Alex Katz is one of America’s most important post-war painters, known for his monumental paintings of flat landscapes, his wife Ada, people at a party or the beach. Now in his seventies, Katz’s energy and focus is producing works that he says would have been artistically impossible for him ten years previously.
This exhibition concentrates on the small paintings of Alex Katz, revealing a substantial body of work that shows a continuity of concerns between Katz’s first decade as an artist and the latest small paintings fresh from the studio. These small paintings present the artist’s response to a single homogenous moment. In the capturing of a specific light and fragile movement the small paintings are very different to the neutralised and unified images of Katz’s large format, and often monumental, paintings.
Katz’s small paintings have long been collected, but rarely discussed or exhibited.

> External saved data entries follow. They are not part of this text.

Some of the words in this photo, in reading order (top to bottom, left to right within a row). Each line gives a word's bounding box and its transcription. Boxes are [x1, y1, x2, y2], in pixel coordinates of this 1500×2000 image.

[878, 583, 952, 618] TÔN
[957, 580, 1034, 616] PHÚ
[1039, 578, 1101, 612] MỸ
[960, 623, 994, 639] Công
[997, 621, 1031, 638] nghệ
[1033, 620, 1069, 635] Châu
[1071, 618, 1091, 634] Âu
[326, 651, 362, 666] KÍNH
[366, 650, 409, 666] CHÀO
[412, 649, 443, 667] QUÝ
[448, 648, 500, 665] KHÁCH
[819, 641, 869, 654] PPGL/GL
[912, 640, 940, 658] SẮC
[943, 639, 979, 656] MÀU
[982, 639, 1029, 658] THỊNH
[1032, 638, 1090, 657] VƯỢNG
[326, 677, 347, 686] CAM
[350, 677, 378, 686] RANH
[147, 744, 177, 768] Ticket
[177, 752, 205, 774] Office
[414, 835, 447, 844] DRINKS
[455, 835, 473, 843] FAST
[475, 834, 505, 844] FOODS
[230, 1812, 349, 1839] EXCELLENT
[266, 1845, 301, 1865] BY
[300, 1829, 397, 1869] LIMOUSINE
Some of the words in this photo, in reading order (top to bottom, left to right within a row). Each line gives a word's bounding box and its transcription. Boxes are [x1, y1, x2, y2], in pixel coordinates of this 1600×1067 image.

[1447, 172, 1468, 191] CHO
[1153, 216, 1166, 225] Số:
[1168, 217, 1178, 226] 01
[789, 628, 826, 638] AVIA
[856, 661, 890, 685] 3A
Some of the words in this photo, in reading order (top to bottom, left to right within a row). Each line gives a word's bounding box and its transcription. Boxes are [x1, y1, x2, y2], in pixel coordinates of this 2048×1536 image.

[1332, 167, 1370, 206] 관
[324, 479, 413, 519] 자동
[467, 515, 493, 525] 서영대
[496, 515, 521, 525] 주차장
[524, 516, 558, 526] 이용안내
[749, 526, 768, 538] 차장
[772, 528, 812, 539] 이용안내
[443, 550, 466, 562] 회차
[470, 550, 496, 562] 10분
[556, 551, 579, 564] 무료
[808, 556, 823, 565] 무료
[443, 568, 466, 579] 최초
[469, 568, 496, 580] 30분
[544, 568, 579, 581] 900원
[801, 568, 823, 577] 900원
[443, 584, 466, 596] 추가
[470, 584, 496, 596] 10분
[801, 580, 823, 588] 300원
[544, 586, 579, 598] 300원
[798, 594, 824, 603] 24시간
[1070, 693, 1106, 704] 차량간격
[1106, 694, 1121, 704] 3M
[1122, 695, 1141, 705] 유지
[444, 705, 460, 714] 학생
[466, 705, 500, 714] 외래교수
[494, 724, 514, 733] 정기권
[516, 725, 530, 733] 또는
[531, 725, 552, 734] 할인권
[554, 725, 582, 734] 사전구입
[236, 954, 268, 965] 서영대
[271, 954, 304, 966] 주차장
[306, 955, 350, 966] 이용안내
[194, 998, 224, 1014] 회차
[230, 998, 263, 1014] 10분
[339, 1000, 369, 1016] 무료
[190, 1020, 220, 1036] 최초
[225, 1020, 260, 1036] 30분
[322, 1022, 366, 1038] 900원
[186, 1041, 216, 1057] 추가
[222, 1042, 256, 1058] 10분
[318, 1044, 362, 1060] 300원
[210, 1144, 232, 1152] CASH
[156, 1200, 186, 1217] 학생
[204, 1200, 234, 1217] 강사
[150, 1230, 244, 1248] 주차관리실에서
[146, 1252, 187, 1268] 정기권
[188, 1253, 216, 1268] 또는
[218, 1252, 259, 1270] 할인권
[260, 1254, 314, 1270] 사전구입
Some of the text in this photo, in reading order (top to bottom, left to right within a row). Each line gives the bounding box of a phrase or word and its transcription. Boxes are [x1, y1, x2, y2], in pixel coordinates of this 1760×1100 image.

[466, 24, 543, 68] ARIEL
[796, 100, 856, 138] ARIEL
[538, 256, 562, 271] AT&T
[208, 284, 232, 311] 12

The retrospective ‘Small Paintings’ at the Whitney Museum of Modern Art, New York last year (currently travelling to Museums across the USA) has led the re-evaluation of the small paintings as an important body of work.
Alex Katz has exhibited widely throughout the world. Last month saw the opening of the impressive retrospective ‘In Your Face’ at the Kunstmuseum Bonn, Germany. Katz is included in the group painting show ‘Cher Peintre’ opening at the Centre Pompidou, Paris on 12th June. This exhibition at Timothy Taylor gallery will be the artist’s first in London since the large and influential solo show at The Saatchi Gallery in 1998.